Enabling RADIUS-Snooping

RS is enabled globally on the distribution-tier switch. It is also enabled on the distribution-tier switch ports directly attached to the edge switch that the RADIUS request frames transit, from the edge switch to the RADIUS server, as well as the ports the response frames transit, from the RADIUS server back to the edge switch.

Configuring Enabled Port Settings

The number of seconds the firmware waits for a RADIUS response after it successfully snoops a RADIUS request can be set per-port. If you do not set this timeout at the port level, the system level setting is used.

In some cases it may be necessary to drop RADIUS traffic between the distribution tier device and the edge switches. On the S- and K-Series, you can enable or disable packet drop on a per port basis. Packets are always dropped for a resource issue situation. RS is not capable of forcing a reauthentication event should it be unable to investigate a RADIUS request exchange. Dropping a RADIUS request packet due to resource exhaustion, in most cases, will cause the edge device to retry a RADIUS request, providing another opportunity to snoop the RADIUS exchange. Frames with an invalid format for the calling station ID are only dropped when drop is enabled. In the case of dropping frames with an invalid format, authentication will not take place for this end-user.

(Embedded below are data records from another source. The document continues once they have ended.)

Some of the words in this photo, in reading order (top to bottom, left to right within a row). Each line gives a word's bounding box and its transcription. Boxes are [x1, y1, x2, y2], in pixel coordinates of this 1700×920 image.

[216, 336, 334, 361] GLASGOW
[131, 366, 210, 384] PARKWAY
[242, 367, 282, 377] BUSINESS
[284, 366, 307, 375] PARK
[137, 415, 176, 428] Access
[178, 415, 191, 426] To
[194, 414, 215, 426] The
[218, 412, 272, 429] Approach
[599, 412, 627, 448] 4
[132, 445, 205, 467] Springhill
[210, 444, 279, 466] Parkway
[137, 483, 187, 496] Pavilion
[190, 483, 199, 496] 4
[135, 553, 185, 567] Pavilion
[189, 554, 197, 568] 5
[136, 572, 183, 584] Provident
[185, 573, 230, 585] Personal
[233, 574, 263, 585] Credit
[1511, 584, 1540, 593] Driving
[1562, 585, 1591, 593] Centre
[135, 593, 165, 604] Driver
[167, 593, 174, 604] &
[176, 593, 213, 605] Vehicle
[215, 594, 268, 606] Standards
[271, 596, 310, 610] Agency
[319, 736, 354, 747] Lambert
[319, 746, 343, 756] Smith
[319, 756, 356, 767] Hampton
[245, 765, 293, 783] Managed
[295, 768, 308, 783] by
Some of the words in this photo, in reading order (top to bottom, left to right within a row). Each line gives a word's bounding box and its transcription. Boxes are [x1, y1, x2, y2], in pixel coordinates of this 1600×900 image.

The authallocated value specifies the maximum number of RS users per port. You can configure this number of allowed RS users on a per port basis. On the S- and K-Series, the default value depends upon the system license for this device. You should set this authallocated value equal to or less than the configured value for the set multiauth port numusers command. This value is the maximum number of users per port for all authentication clients. Typically, authallocated and multiauth port numusers are set to the same value.